■ REQUIREMENT:
Omit the pictures, but give back every entry below exactly as written.

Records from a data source
*** Block opens ***
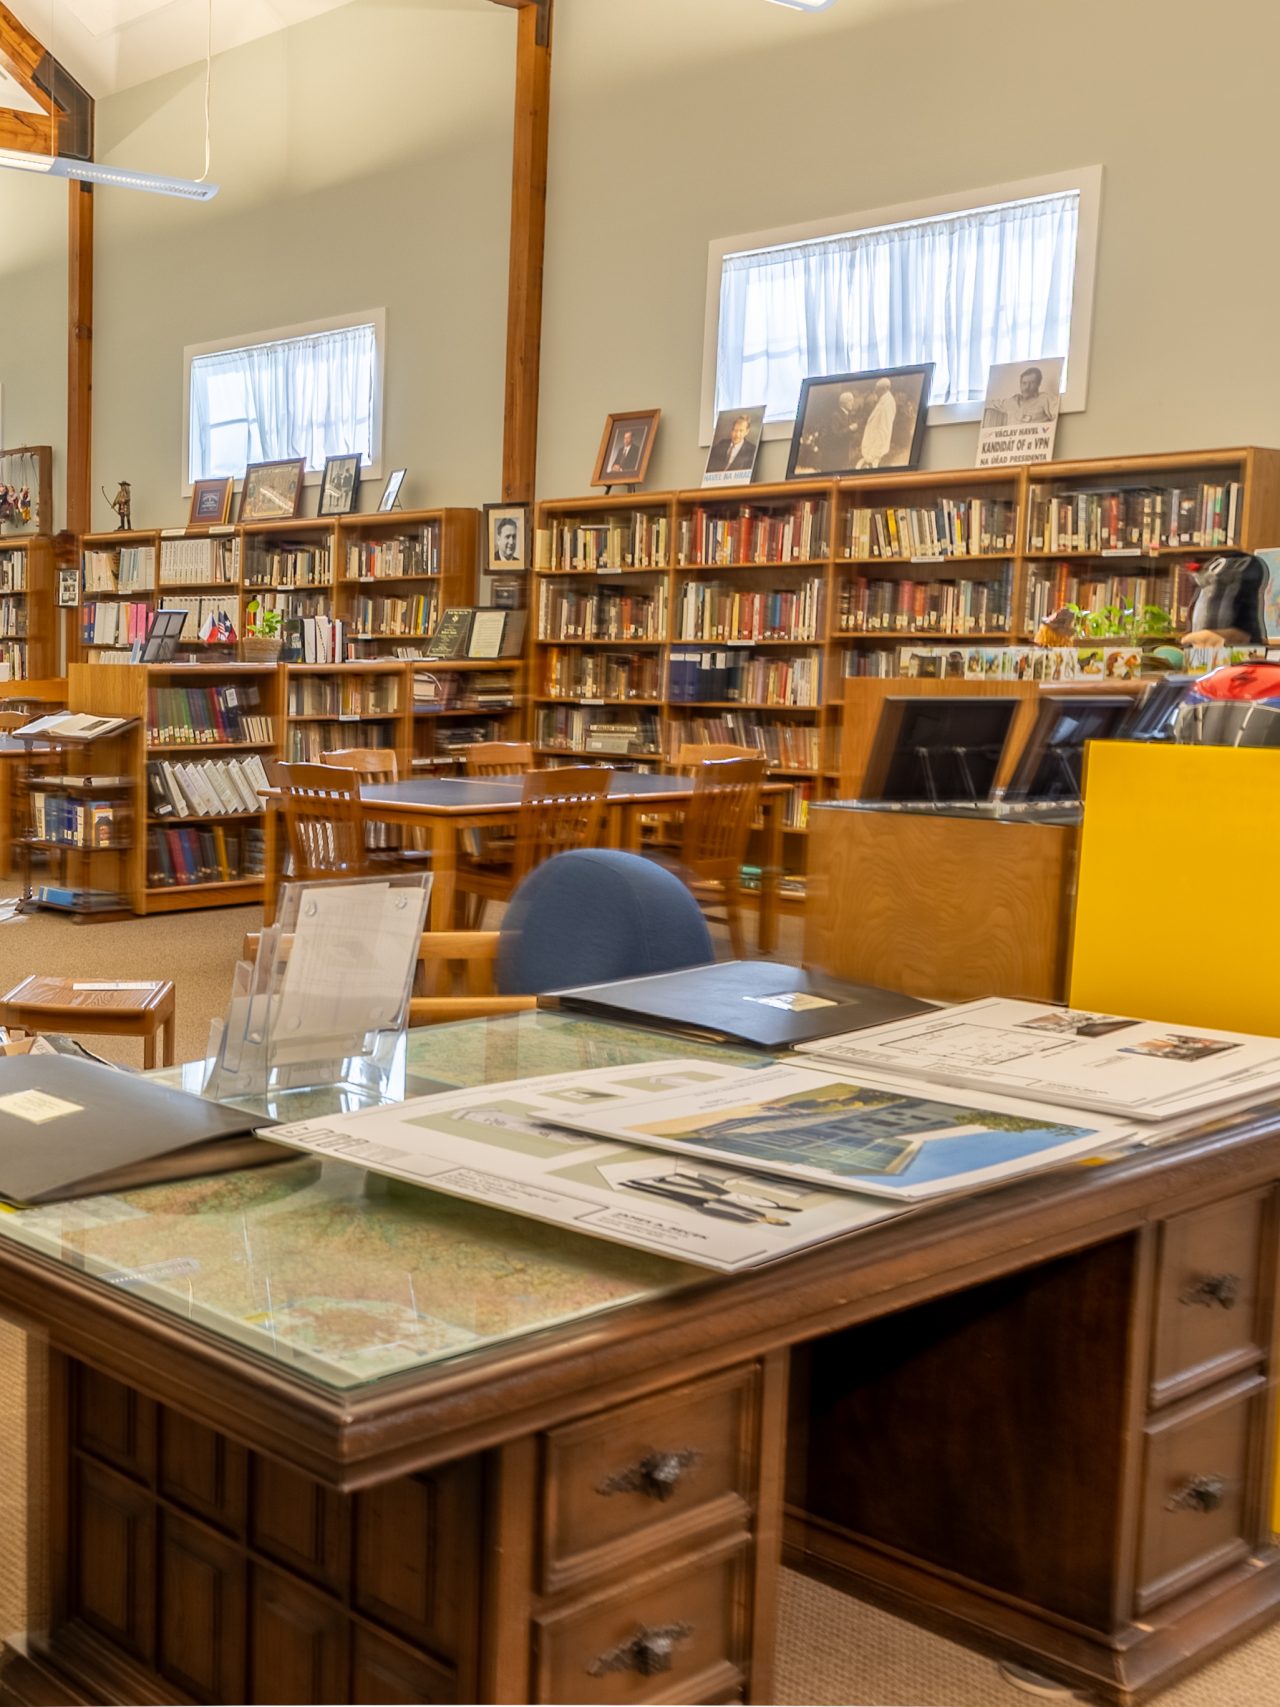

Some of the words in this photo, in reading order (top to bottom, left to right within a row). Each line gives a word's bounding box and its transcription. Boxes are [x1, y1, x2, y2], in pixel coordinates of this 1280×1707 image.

[1019, 427, 1039, 436] HAVEL
[1016, 439, 1026, 451] OF
[1034, 437, 1050, 449] VPN
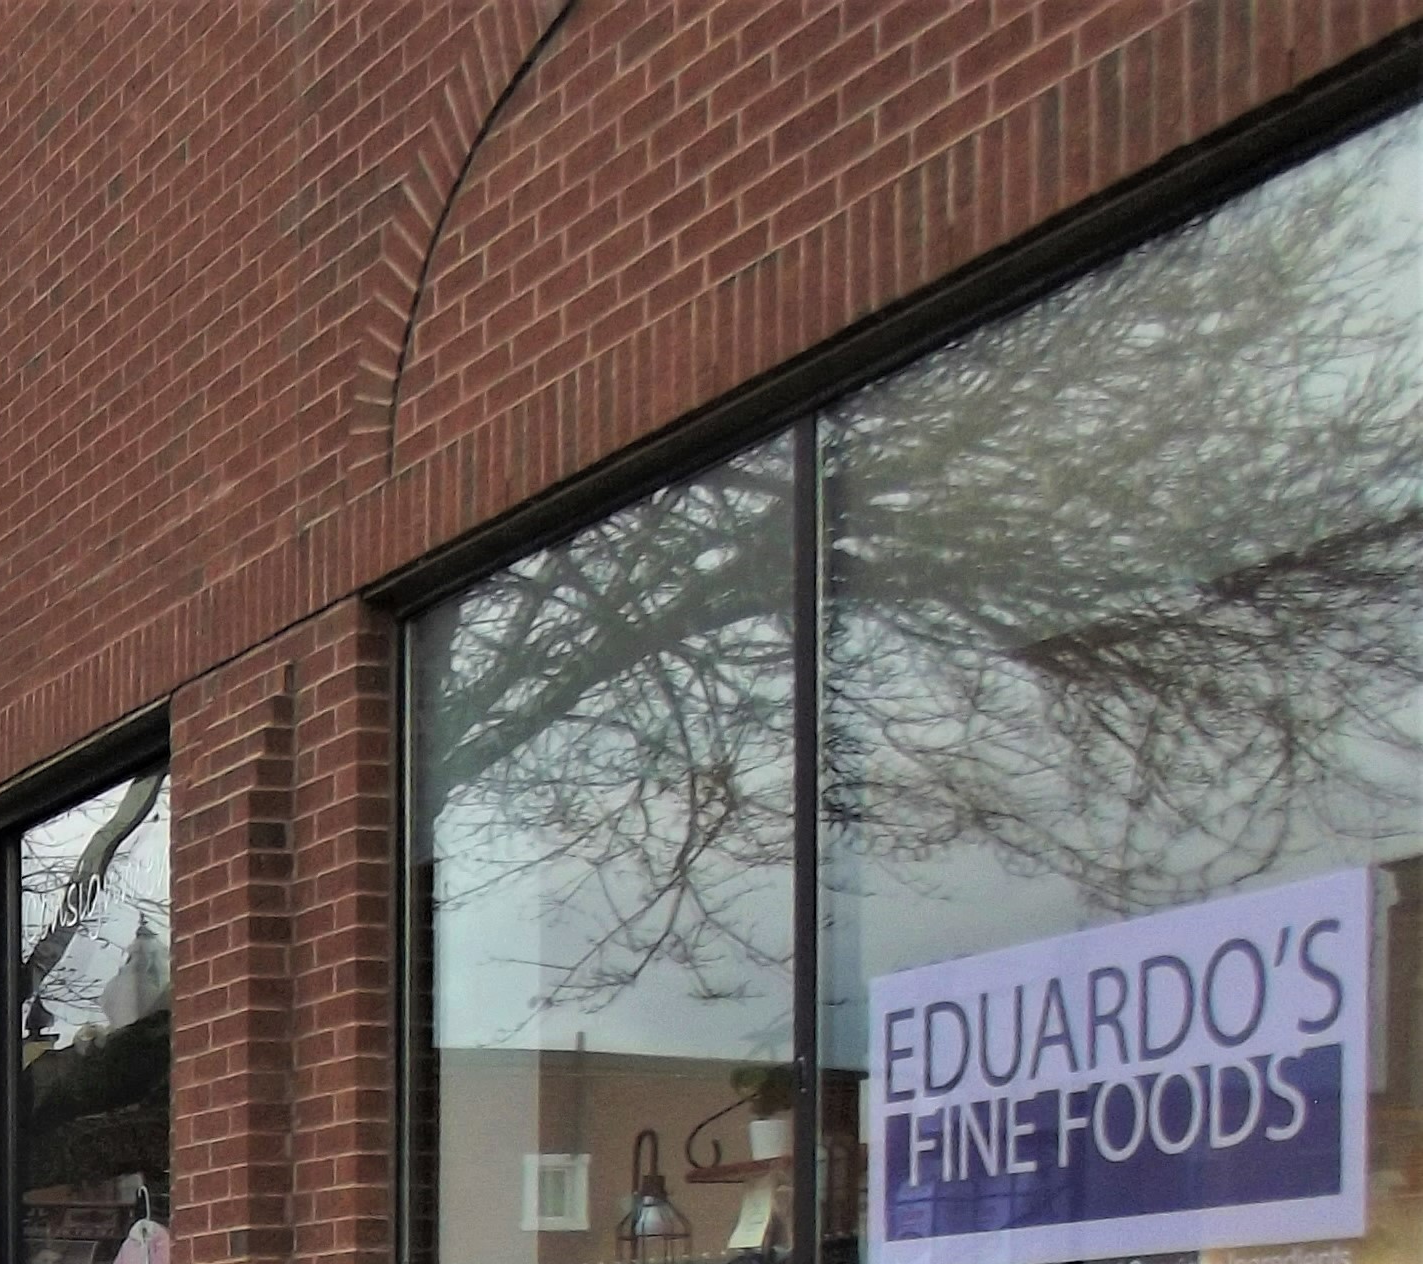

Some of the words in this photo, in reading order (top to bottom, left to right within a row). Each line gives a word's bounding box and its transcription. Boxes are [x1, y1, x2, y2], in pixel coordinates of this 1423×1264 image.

[884, 918, 1343, 1104] EDUARDO'S
[908, 1096, 1038, 1188] FINE
[1057, 1050, 1307, 1169] FOODS
*** Block closes ***
■ TASK RESPONSE:
Some of the words in this photo, in reading order (top to bottom, left to right within a row). Each line gives a word's bounding box and its transcription. Boxes are [x1, y1, x2, y2], in pixel coordinates of this 1280×1707 image.

[1019, 427, 1039, 436] HAVEL
[1016, 439, 1026, 451] OF
[1034, 437, 1050, 449] VPN

Some of the words in this photo, in reading order (top to bottom, left to right within a row). Each line gives a word's bounding box and its transcription. Boxes are [x1, y1, x2, y2], in pixel coordinates of this 1423×1264 image.

[884, 918, 1343, 1104] EDUARDO'S
[908, 1096, 1038, 1188] FINE
[1057, 1050, 1307, 1169] FOODS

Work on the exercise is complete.